Effects of 5‐HT and 5‐HT 1A receptor agonists and antagonists on dorsal vagal preganglionic neurones in anaesthetized rats: an ionophoretic study

1 Effects of ionophoretic administration of 5‐hydroxytryptamine (5‐HT) and selective 5‐HT 1A receptor agonists and antagonists on identified dorsal vagal preganglionic and dorsal raphe neurones were studied in pentobarbitone sodium or chloral hydrate‐anaesthetized rats, respectively. 2 Extracellular recordings were made from 176 preganglionic neurones in the dorsal vagal nucleus (DVN). Application of 5‐HT at low currents (<10nA) increased the activity of these neurones. However, at increased currents (10–60 nA), it had a predominantly depressant effect.

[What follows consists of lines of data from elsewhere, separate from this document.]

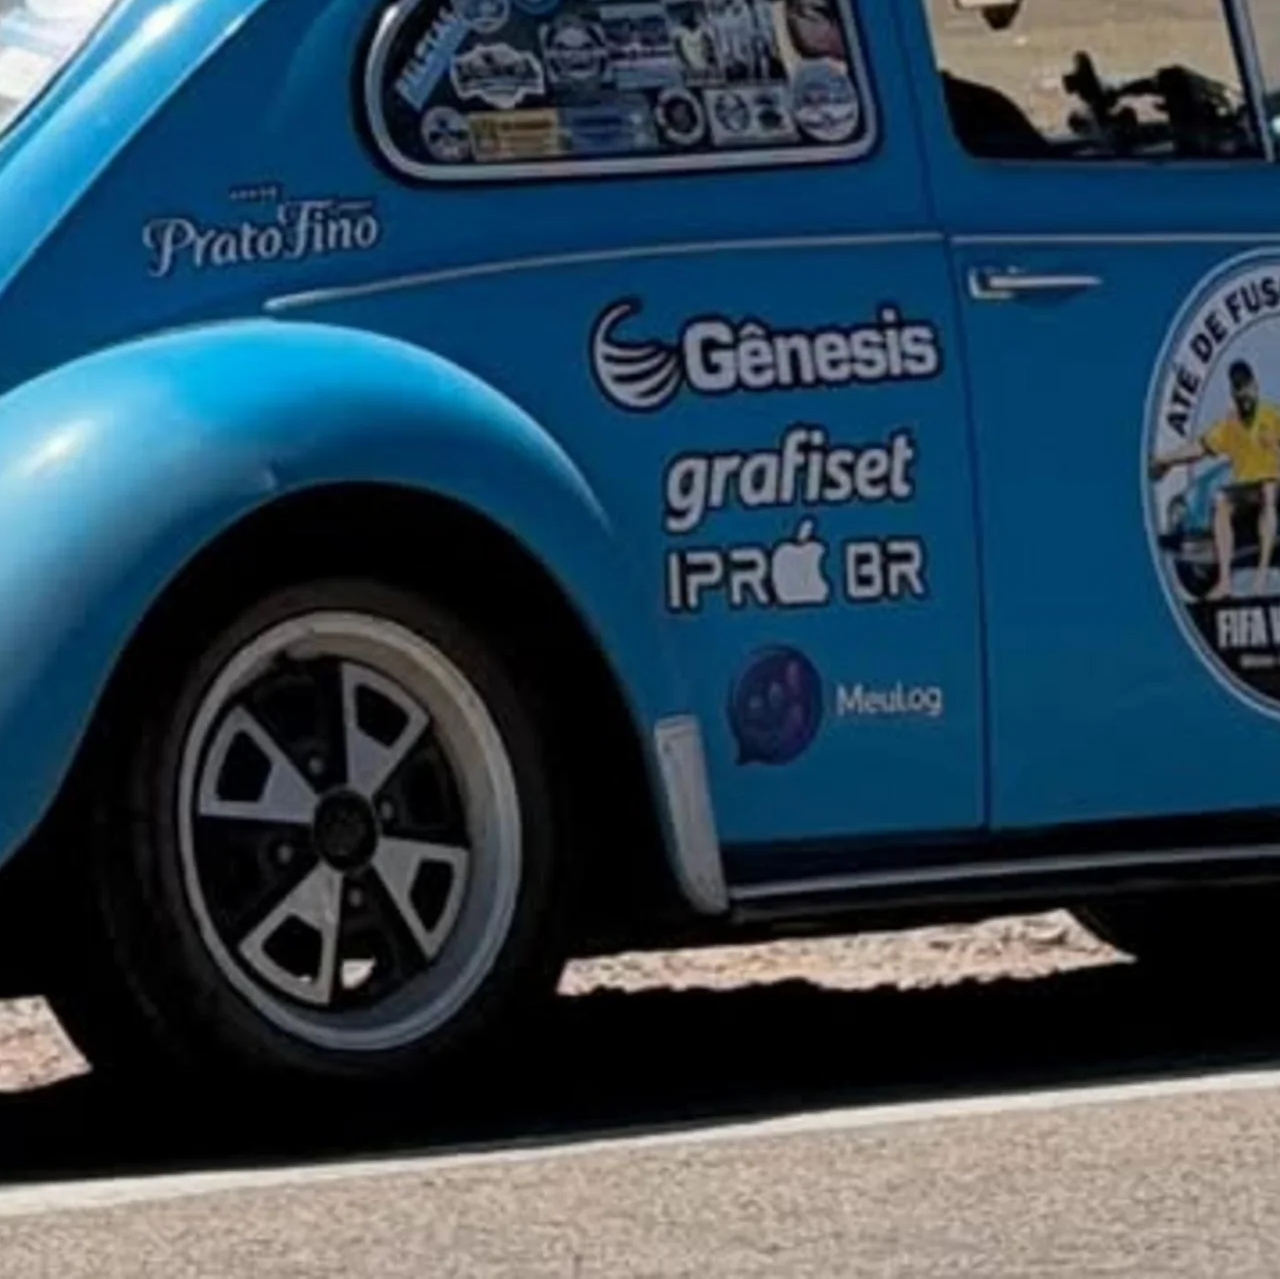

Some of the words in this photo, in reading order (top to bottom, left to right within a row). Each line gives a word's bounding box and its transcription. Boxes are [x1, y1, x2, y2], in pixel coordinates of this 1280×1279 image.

[142, 217, 282, 277] Prato
[683, 308, 939, 391] Gênesis
[1189, 312, 1229, 365] DE
[667, 430, 914, 530] grafiset
[844, 540, 925, 599] BR
[1216, 607, 1268, 647] FIFA

Application of selective 5‐HT 1A receptor antagonists, (±)‐pindolol or WAY‐100635, attenuated the excitatory responses evoked by 5‐HT. 3 Ionophoresis of the 5‐HT 1A receptor agonist, 8‐hydroxy‐2‐(di‐n‐propylamino)tetralin (8‐OH‐DPAT) (5–30 nA) increased the firing rate of 19 and decreased that of 67 of the 104 vagal neurones tested. Other 5‐HT 1A receptor agonists, flesinoxan and N, N‐di‐n‐propyl‐5‐carboxamidotryptamine (DP‐5‐CT) also had predominantly depressant effects. 4 (±)‐Pindolol attenuated excitations but not inhibitions evoked by 8‐OH‐DPAT. Surprisingly, WAY‐100635 and 8‐OH‐DPAT produced the same effect on these neurones and when applied together, WAY‐100635 failed to attenuate the 8‐OH‐DPAT responses. 5 Dorsal raphe neurones were identified by their low, regular firing rate and their subsequent histological localization. 8‐OH‐DPAT reversibly reduced the activity in all 7 neurones tested and this was antagonized by WAY‐100635 in all 3 neurones tested. 6 In conclusion, 5‐HT applied to vagal preganglionic neurones evokes excitatory and inhibitory responses. The excitatory, but not the inhibitory responses may be mediated, at least in part, by activation of 5‐HT 1A receptors.